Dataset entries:

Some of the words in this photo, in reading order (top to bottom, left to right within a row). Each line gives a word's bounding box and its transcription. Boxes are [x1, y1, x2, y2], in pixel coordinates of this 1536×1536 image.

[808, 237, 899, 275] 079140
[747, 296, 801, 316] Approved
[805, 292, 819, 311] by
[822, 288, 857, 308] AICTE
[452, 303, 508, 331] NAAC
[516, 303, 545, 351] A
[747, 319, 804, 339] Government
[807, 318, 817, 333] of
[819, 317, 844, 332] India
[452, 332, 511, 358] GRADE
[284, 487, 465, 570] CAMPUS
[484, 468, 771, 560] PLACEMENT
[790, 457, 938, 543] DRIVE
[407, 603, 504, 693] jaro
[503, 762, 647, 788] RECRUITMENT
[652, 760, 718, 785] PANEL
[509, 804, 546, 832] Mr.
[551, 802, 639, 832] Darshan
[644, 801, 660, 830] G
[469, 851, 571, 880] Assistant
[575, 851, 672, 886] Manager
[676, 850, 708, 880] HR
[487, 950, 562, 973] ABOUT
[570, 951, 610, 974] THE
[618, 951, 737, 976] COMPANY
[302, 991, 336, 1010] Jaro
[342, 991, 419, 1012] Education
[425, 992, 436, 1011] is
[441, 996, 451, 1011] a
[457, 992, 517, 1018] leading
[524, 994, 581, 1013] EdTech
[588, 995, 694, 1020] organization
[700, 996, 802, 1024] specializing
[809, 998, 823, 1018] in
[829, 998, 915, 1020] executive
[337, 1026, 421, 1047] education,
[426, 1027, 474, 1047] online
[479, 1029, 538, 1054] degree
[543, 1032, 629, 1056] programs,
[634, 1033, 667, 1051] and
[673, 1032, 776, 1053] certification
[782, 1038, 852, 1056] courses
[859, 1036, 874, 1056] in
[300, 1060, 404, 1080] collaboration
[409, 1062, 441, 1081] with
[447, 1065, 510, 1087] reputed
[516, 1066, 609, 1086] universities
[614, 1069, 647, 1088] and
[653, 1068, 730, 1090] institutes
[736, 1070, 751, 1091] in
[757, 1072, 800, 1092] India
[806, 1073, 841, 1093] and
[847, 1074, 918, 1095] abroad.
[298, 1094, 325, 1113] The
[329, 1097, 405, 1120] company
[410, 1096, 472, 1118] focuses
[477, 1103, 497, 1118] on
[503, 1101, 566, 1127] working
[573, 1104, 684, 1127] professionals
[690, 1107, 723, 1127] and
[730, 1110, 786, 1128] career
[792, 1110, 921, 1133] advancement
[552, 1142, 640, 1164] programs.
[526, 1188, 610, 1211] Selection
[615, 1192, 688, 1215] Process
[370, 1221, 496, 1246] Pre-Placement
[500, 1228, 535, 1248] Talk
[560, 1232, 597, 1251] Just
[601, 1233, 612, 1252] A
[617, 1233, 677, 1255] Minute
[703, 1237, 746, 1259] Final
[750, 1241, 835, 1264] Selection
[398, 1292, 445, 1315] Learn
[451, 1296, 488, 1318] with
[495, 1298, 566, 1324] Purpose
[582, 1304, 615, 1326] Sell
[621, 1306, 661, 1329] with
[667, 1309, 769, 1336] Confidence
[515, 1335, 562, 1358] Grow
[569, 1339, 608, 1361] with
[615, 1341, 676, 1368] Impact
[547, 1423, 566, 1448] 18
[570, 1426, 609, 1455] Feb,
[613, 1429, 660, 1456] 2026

**PROMPT**
All lines of the records above with the word "Selection" in them are to be copied.

**EXERCISE SOLUTION**
[526, 1188, 610, 1211] Selection
[750, 1241, 835, 1264] Selection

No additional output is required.